Jaime Sánchez estaba en este grupo. Cuando recibió el dato, Juan de Dios Martínez dio orden de rodear el local y no dejarlo salir bajo ningún concepto, pero también dio orden para que nadie entrara hasta que él llegara. Jaime Sánchez hablaba de mujeres cuando vio que el judicial entraba en el local acompañado por dos policías más. Siguió hablando. En la timba, junto a los espectadores, estaba el judicial Ortiz Rebolledo, quien al ver a Juan de Dios se levantó y le preguntó qué le traía por allí a esas horas. Vengo a detener a alguien, le dijo Juan de Dios, y Ortiz Rebolledo lo miró con una gran sonrisa de oreja a oreja.

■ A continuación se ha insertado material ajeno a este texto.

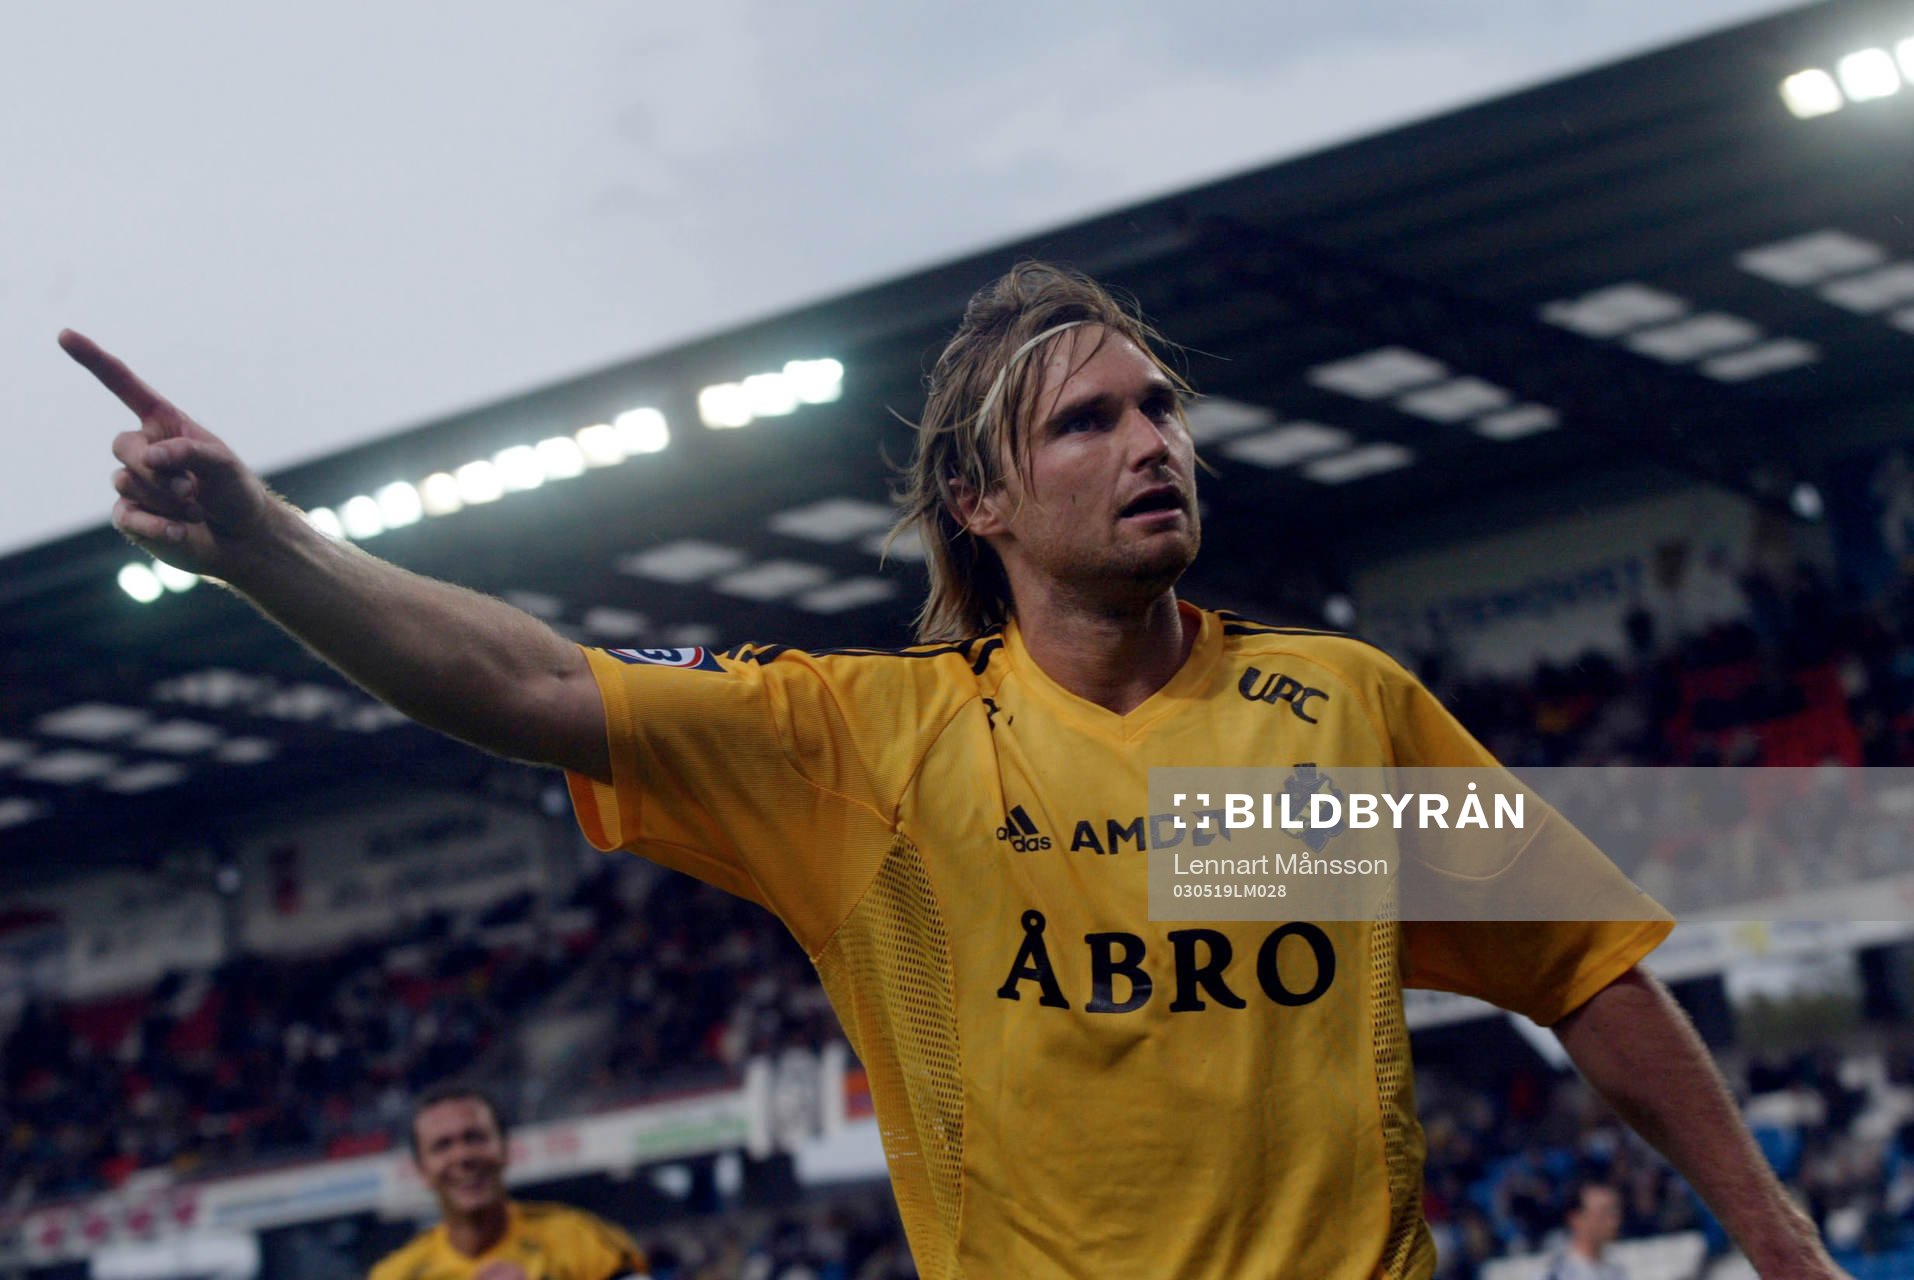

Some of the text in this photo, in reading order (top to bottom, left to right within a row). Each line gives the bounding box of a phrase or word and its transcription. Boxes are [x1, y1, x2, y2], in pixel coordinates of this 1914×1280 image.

¿Tú y estos dos?, dijo. Y luego: no seas ojete, ¿por qué no te vas a mamar verga a otro lado? Juan de Dios Martínez lo miró entonces como si no lo conociera, se lo sacó de encima y llegó hasta donde estaba Jaime Sánchez. Desde allí alcanzó a ver que Ortiz Rebolledo retenía del brazo a uno de los dos policías, el cual no dejaba de hablar. Seguramente le está contando a quién vengo a detener, pensó Juan de Dios. Jaime Sánchez se entregó sin oponer resistencia. Juan de Dios buscó debajo de su chaqueta hasta dar con la sobaquera y la Magnum Taurus. ¿Con ésta la mataste?, le preguntó. Me azoté y perdí el control, dijo Sánchez. No me humilles delante de mis amigos, añadió. Me pelan los dientes tus amigos, dijo Juan de Dios mientras le ponía las esposas. Cuando abandonaron el local la partida de póquer se reanudó como si nada.

En enero de 1996 Klaus Haas volvió a reunir a la prensa.

Esta vez no acudieron tantos periodistas como la primera, pero los que se presentaron en la cárcel de Santa Teresa no encontraron ningún estorbo para el normal desarrollo de su trabajo.

Haas les preguntó a los periodistas cómo era posible que estando el asesino (es decir él) encarcelado, se siguieran cometiendo asesinatos. Habló, sobre todo, del nudo con que fue atada Michelle Requejo, idéntico al nudo que tenía Estrella Ruiz Sandoval, la única de las muertas que, según Haas, tuvo un trato directo con él, debido, puntualizó, a su interés por la informática y las computadoras. El periódico La Razón, donde trabajaba Sergio González, envió a un periodista novato de nota roja, que leyó el dossier del caso en el avión que lo llevó a Hermosillo.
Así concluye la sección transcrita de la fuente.